*** Block opens ***

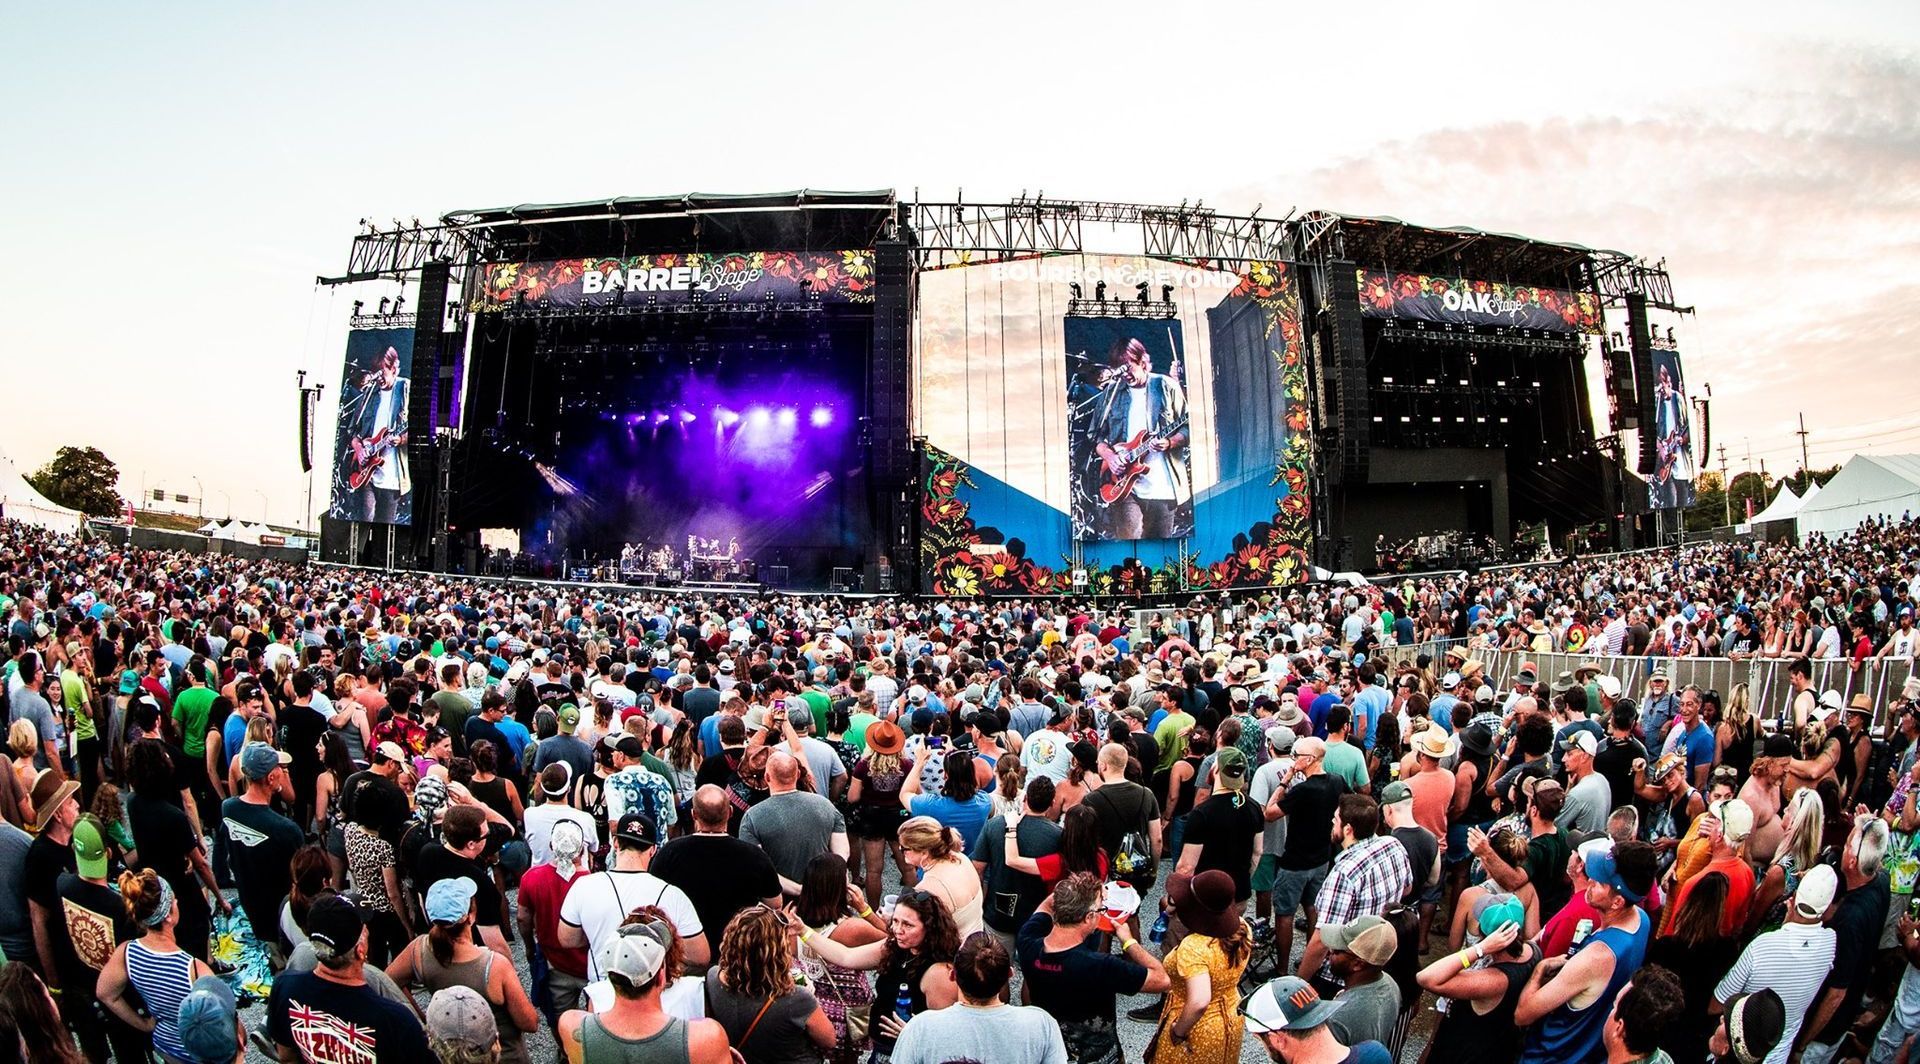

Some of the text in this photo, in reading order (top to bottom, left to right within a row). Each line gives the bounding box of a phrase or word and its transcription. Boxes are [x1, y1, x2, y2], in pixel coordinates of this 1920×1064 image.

[582, 264, 761, 294] BARREL Stage
[990, 262, 1121, 285] BOURBON
[1138, 267, 1241, 289] BEYOND
[1443, 289, 1524, 317] OAK Stage

*** Block closes ***

Every line of the listing is to be retyped exactly; pictures stay out.

Some of the text in this photo, in reading order (top to bottom, left to right within a row). Each line gives the bounding box of a phrase or word and its transcription. Boxes are [x1, y1, x2, y2], in pixel coordinates of this 1920×1064 image.

[582, 264, 761, 294] BARREL Stage
[990, 262, 1121, 285] BOURBON
[1138, 267, 1241, 289] BEYOND
[1443, 289, 1524, 317] OAK Stage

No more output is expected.